Scroll untuk membaca artikel
Siswanto | Siswanto
Bakar kemenyan atau bakar dupa (suara.com/Marzuki)

Di berbagai daerah di Provinsi Jawa Tengah, sampai saat ini masih memelihara tradisi membakar kemenyan. Bakar kemenyan biasanya dilakukan pada momen-momen sakral.

Momen sakral tersebut, misalnya acara selamatan pernikahan, kondangan syukuran kelahiran anak, khitanan anak, atau ketika ada kematian. Sebenarnya masih banyak momen sakral yang menggunakan bakar kemenyan, tapi saya tidak ingat.

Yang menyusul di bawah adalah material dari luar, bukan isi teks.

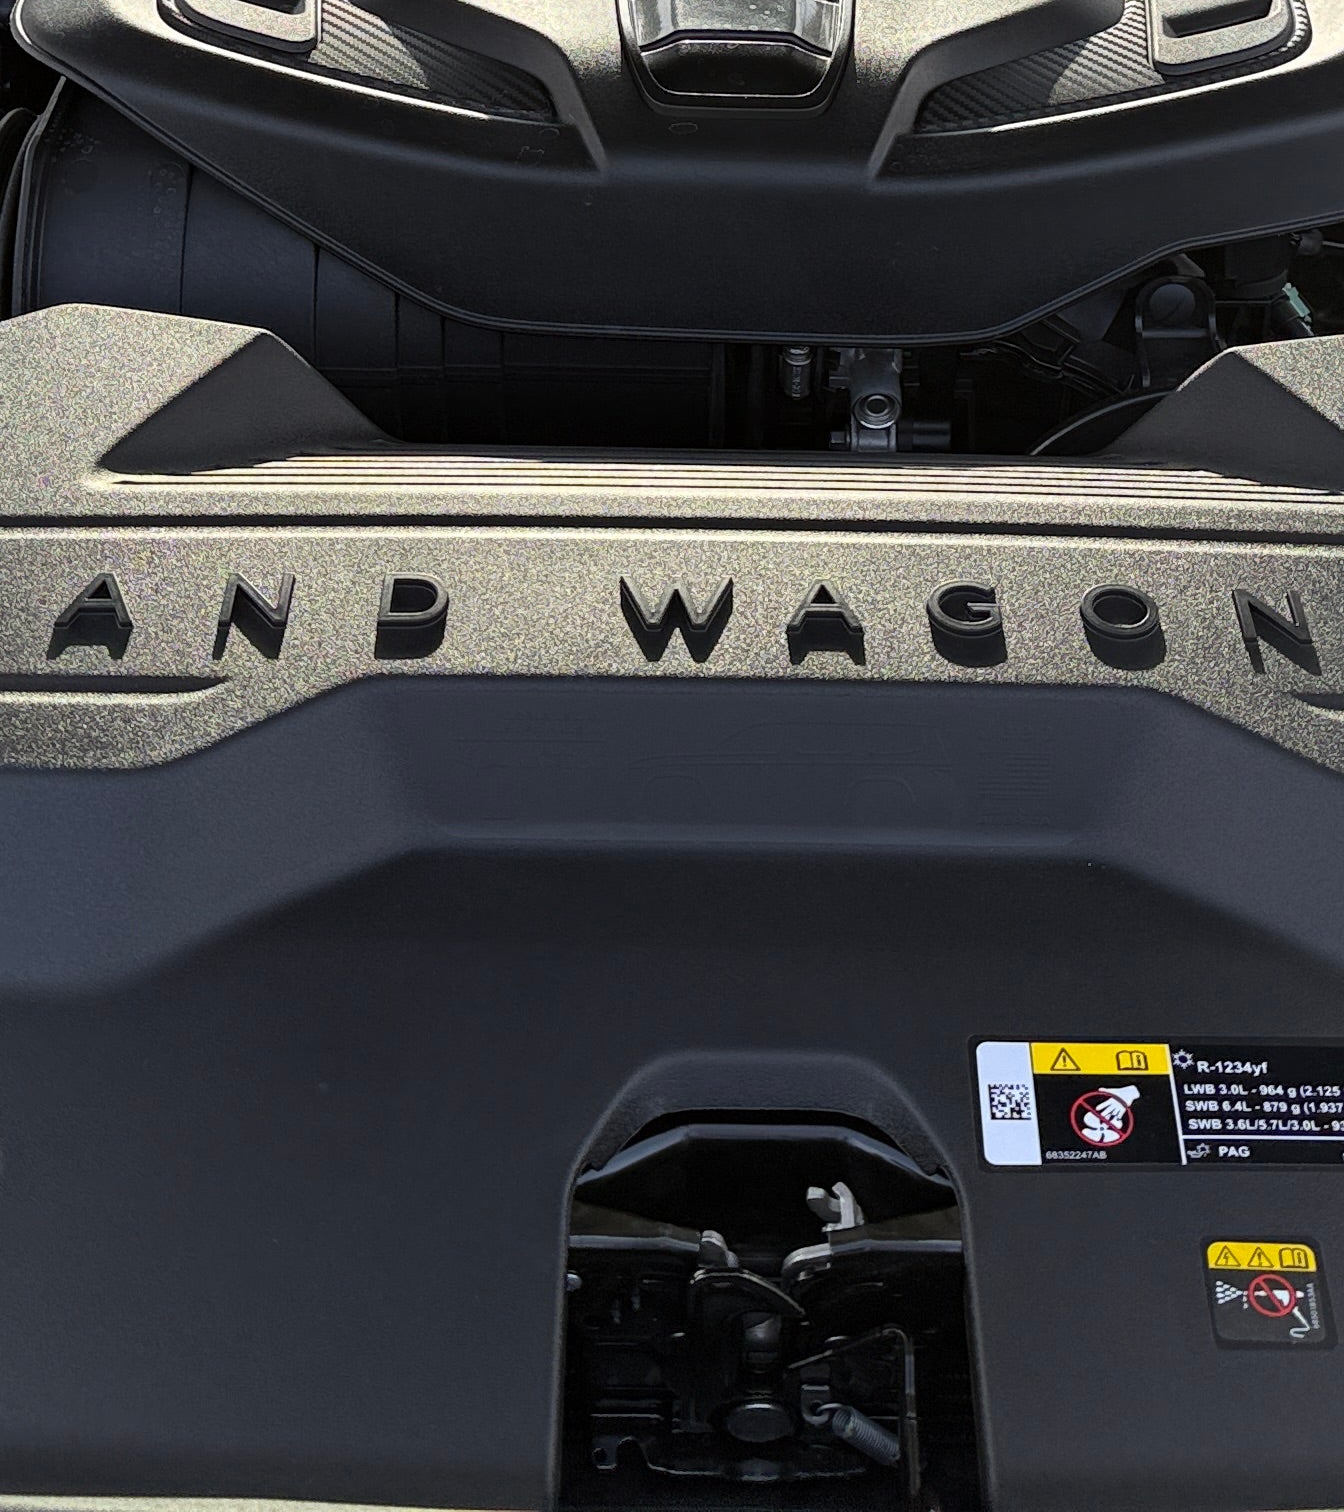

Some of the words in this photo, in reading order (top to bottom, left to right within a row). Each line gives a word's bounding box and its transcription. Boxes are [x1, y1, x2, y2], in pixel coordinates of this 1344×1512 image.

[1197, 1061, 1268, 1076] R-1234yf
[1183, 1084, 1216, 1095] LWB
[1219, 1084, 1248, 1095] 3.0L
[1259, 1085, 1284, 1096] 964
[1287, 1088, 1297, 1098] g
[1300, 1085, 1340, 1098] (2.125
[1185, 1100, 1219, 1112] SWB
[1222, 1101, 1252, 1112] 6.4L
[1263, 1102, 1288, 1113] 879
[1291, 1104, 1301, 1115] g
[1303, 1102, 1343, 1115] (1.937
[1188, 1118, 1222, 1130] SWB
[1225, 1119, 1321, 1131] 3.6L/5.7L/3.0L
[1218, 1146, 1250, 1158] PAG
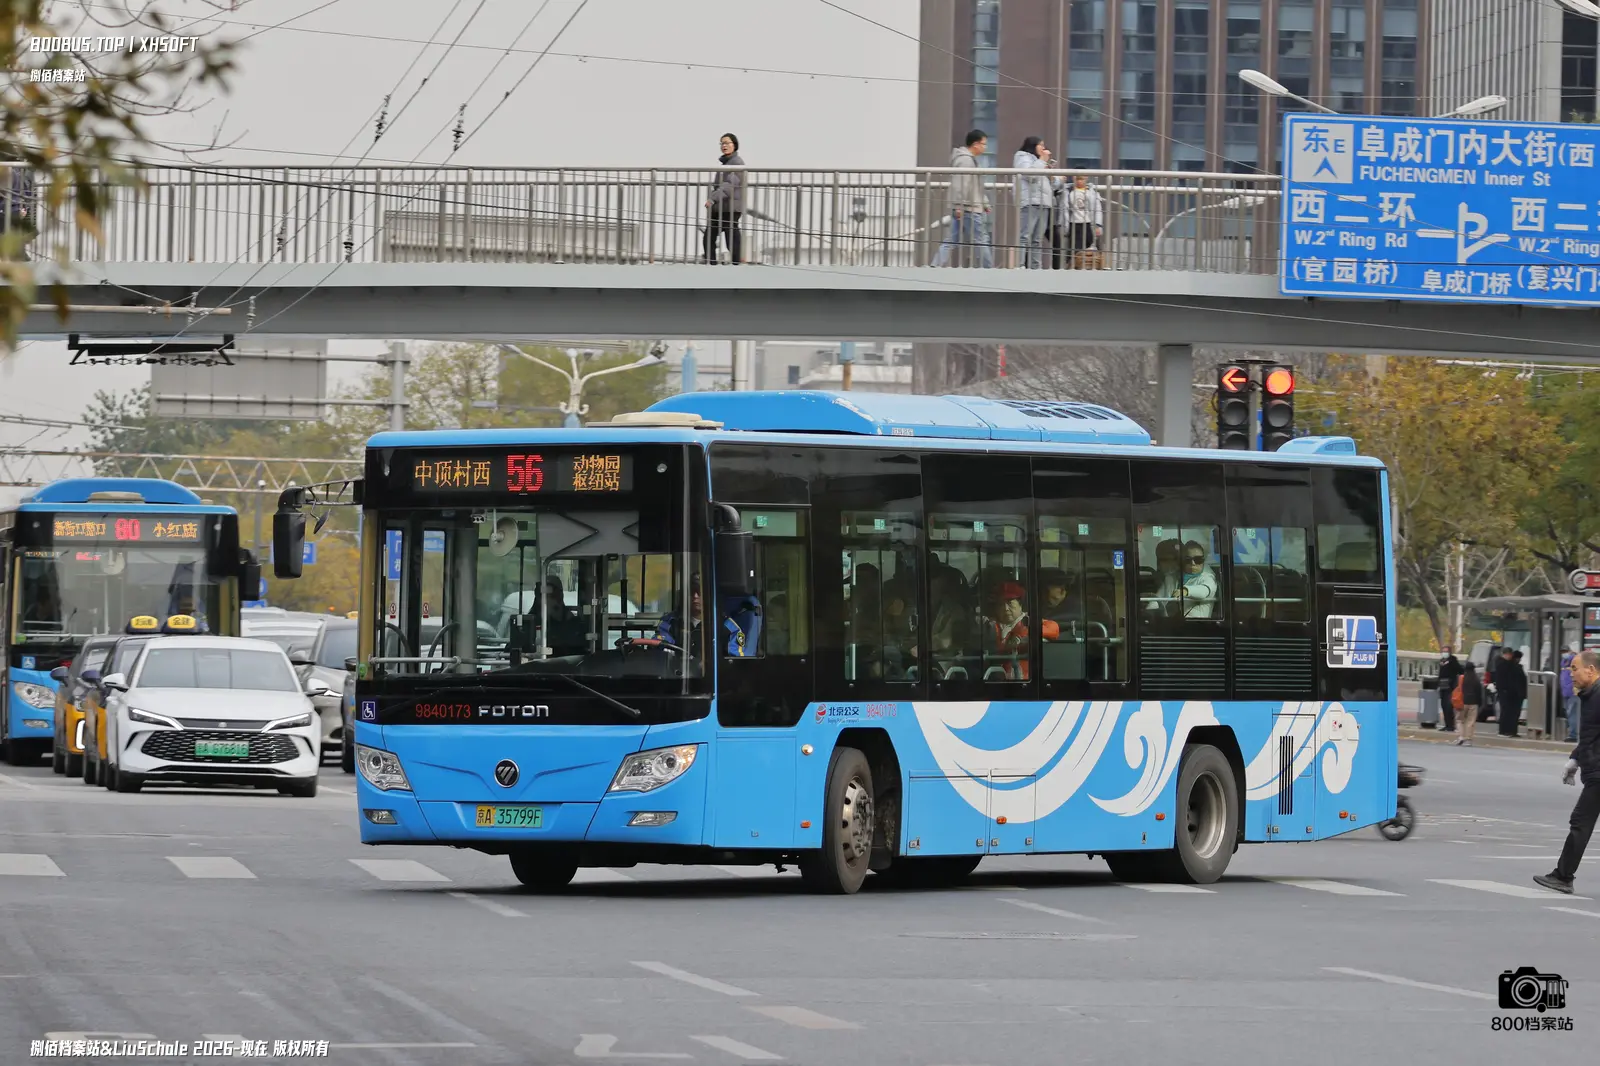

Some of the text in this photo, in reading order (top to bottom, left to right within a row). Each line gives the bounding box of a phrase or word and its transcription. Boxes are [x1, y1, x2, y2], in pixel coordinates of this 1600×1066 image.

Orang yang membakar kemenyan dan menyampaikan semacam doa-doa tidak bisa dilakukan oleh sembarang orang. Biasanya, dilakukan oleh tetua kampung.

Sebelum dibakar, kemenyan diletakkan di atas tempat tertentu, misalnya genteng yang diletakkan di tanah. Lalu, tetua kampung yang membakarnya. Setelah itu, beliau melanjutkan dengan pengucapan kalimat-kalimat semacam doa.

Asap kemenyan yang dibakar terbang kemana-mana. Aromannya harum yang khas.  Pada waktu proses pembakaran kemenyan, kita boleh-boleh saja bila ingin menontonnya. Tetua kampung tidak pernah melarang.

Dupa dibiarkan tetap menyala, setelah proses pengucapan doa-doa selesai. Nanti, seiring dengan habisnya kemenyan yang terbakar, akan mati sendiri.

Banyak orang yang memperdebatkan tradisi tersebut. Ada yang menganggapnya musryik dan lain sebagainya. Tetapi, hal itu tidak pernah mengganggu, soalnya semua pihak punya perspektif. Tradisi bakar kemenyan sampai sekarang tetap  ada dan dijaga.